Dataset items
● ● ● ●

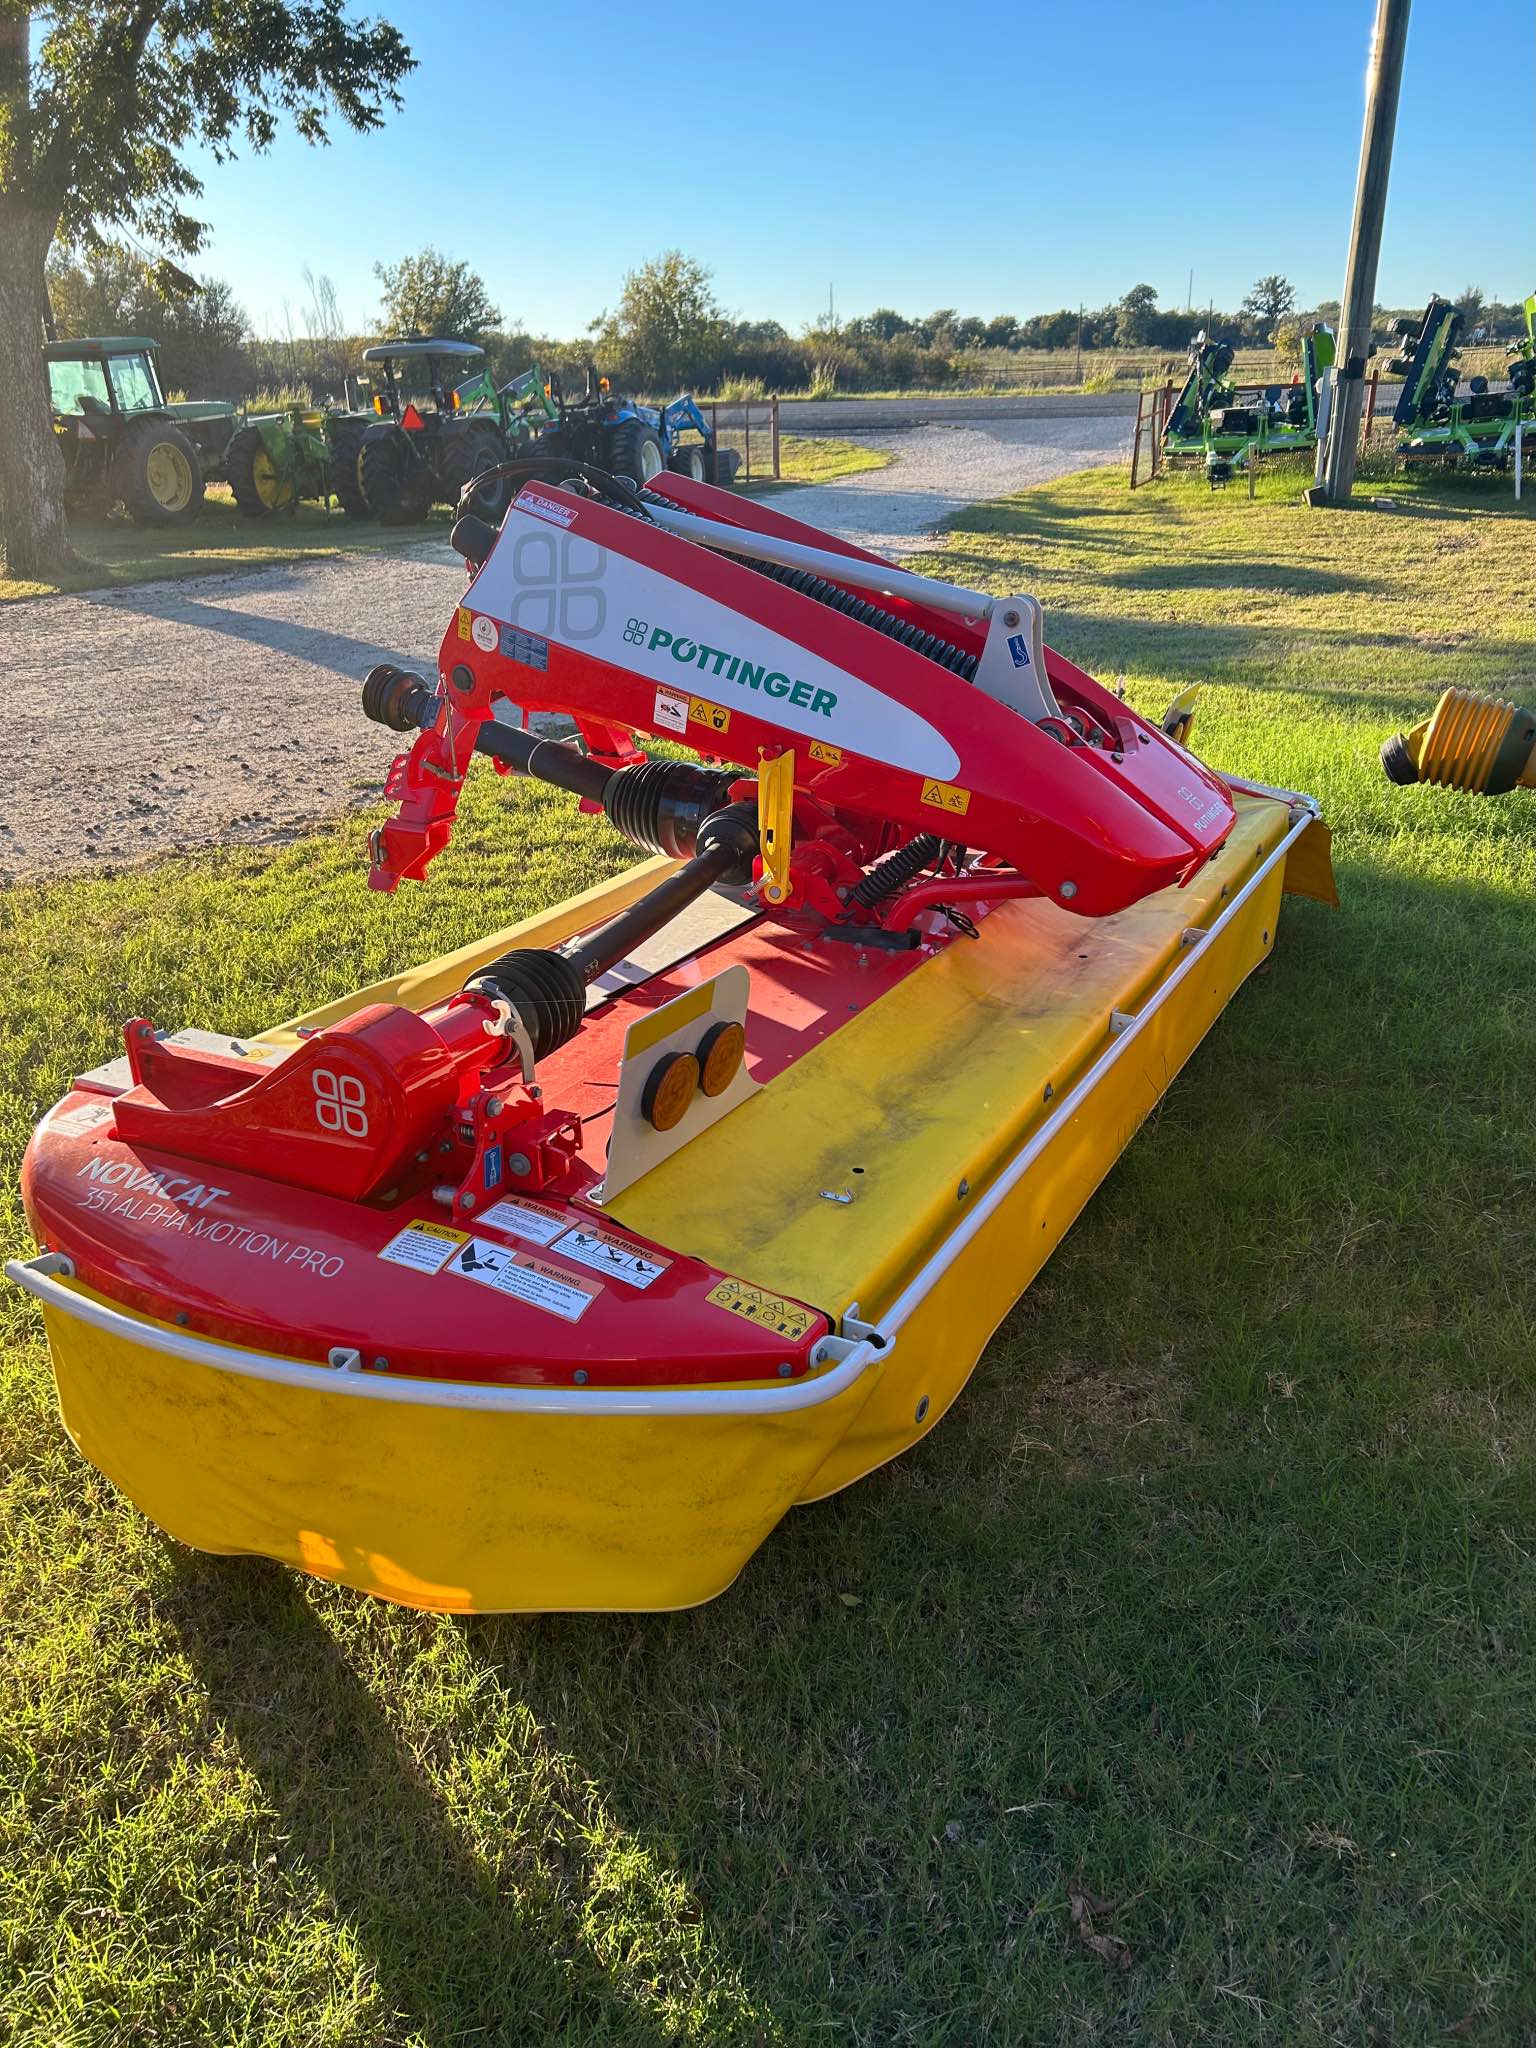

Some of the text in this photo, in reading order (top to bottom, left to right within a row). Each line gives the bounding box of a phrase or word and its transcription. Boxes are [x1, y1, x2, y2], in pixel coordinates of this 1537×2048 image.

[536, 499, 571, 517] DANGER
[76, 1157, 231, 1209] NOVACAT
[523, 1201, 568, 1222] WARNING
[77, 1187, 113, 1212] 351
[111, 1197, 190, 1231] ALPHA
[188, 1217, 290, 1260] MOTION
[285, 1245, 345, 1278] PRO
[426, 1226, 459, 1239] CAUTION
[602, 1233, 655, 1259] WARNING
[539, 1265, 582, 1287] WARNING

● ● ● ●

In the copy, every entry must appear exactly as written, and no picture may appear.

Some of the text in this photo, in reading order (top to bottom, left to right within a row). Each line gives the bounding box of a phrase or word and its transcription. Boxes are [x1, y1, x2, y2], in pixel coordinates of this 1537×2048 image.

[536, 499, 571, 517] DANGER
[76, 1157, 231, 1209] NOVACAT
[523, 1201, 568, 1222] WARNING
[77, 1187, 113, 1212] 351
[111, 1197, 190, 1231] ALPHA
[188, 1217, 290, 1260] MOTION
[285, 1245, 345, 1278] PRO
[426, 1226, 459, 1239] CAUTION
[602, 1233, 655, 1259] WARNING
[539, 1265, 582, 1287] WARNING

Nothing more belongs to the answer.